The use of spinal cord stimulation (SCS) has become an essential part of the treatment algorithm for neuropathic pain states, and is considered standard of care for various pain conditions refractory to conservative management. Since the inception of the technology, there has been incremental improvement in the design of the hardware, such as more complex electrode configurations, battery design and recharge capability and imaging compatibility. More recently, there has been substantial advancement in the delivery of electrical energy via novel waveforms and the identification of different neural substrates and targets. Importantly, we have seen some of the most significant improvements in patient response and outcomes with the transition from primarily tonic/paresthesia-based to subthreshold/paresthesia-free stimulation.

History and Technology

The first use of SCS was reported by Dr. Norman Shealy in 1967 via high thoracic laminectomy for intradural implantation of a vitallium electrode in a patient with cancer-related pain. This provided proof-of-concept for “dorsal column stimulation” based on the concept of gate control by Melzack and Wall. This initial success led to the development of the first commercially-implantable stimulator in 1968, which used platinum electrodes and required an external power supply. Much of the early SCS technology was based on systems designed for cardiac stimulation. Throughout the next decade, the technical components of SCS saw significant refinement, such as the introduction of percutaneous implantation techniques in 1975, before the first fully-implantable system was introduced in 1981. The US Food and Drug Administration (FDA) then approved SCS in 1989 for the treatment of chronic pain from nerve damage in the trunk, arms or legs.

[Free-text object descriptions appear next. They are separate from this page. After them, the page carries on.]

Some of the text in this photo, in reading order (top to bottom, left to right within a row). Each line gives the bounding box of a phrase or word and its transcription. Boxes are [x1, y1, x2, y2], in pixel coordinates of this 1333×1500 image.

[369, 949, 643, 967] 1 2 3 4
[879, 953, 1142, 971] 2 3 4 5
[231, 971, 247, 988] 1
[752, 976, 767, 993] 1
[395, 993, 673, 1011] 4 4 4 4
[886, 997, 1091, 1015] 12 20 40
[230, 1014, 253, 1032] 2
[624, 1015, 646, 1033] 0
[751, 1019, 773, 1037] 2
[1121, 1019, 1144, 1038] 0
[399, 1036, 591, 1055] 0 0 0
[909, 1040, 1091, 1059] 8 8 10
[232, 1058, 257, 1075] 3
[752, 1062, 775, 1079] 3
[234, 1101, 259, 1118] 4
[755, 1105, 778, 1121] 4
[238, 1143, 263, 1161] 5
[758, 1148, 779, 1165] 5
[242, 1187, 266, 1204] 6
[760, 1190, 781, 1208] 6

As SCS technology evolved, so did the indications and criteria for implantation. Initially, SCS was used to treat a variety of pain syndromes, although with mixed results. Neuropathic pain pathologies, or those associated with nerve damage, have typically been considered the most responsive to SCS, with the most common location of chronic neuropathic pain being in the back and legs.

Evidence and Indications

Of patients undergoing lumbosacral spine surgery for a surgically identifiable pathology, 10-40% will experience persistent or recurrent pain. Traditionally, this was referred to as failed back surgery syndrome or post-laminectomy syndrome; however, due to misleading and inadequate labeling, the term “persistent spinal pain syndrome” (PSPS) has instead been proposed. A paradigm shift for SCS as a therapy came with the publication of the randomized controlled study by North et al., reporting SCS as more effective than reoperation in the treatment of persistent pain after lumbosacral spine surgery. These results were further strengthened with the publication of the Prospective, Randomized, Controlled, Multicenter Study of Patients with Failed Back Surgery Syndrome (PROCESS) study by Kumar et al., reporting significantly improved pain relief, quality of life and functional capacity with SCS compared to conventional medical management (CMM).

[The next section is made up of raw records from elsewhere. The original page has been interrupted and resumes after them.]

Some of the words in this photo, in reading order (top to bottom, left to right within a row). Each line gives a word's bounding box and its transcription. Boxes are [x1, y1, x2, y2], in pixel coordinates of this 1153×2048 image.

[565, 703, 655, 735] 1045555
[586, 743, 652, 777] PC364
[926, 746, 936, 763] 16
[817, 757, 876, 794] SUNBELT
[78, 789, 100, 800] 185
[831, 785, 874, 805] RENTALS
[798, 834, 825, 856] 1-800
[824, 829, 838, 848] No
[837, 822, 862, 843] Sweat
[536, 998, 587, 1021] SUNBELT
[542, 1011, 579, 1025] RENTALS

SCS has a robust evidence base, with multiple randomized controlled trials providing Level I Evidence in support of different clinical indications. For example, the superiority of SCS compared to CMM has been demonstrated in the treatment of complex regional pain syndrome type I and painful diabetic neuropathy. Technological innovation is just as important as expanding clinical indications, with high quality data generated from randomized controlled trials evaluating high frequency stimulation (SENZA), burst stimulation (SUNBURST), evoked compound action potentials (EVOKE) and differential target multiplexed stimulation, to name a few. These studies have been both physician and industry-run, and many are a collaborative effort between surgeons and pain physicians. Importantly, despite the high upfront costs of SCS, the therapy has reported to be cost-effective over the long-term in the treatment of PSPS, complex regional pain syndrome and painful diabetic neuropathy.

Non-Surgical Low Back Pain

Low back pain is a highly prevalent musculoskeletal problem, with nearly 35 million American adults experiencing chronic pain refractory to conservative care. A particular challenge with SCS has traditionally been relieving low back pain as opposed to radicular pain — predominant axial pain has been reported as an unfavorable prognostic factor following both revision spine surgery and conventional SCS. This was in part attributable due to the difficulty achieving an overlap of paresthesias in the low back area. The publication of the SENZA randomized controlled trial in 2015 changed the landscape of SCS, demonstrating that high-frequency, paresthesia-free therapy was superior to traditional, paresthesia-based SCS in the treatment of low back and leg pain.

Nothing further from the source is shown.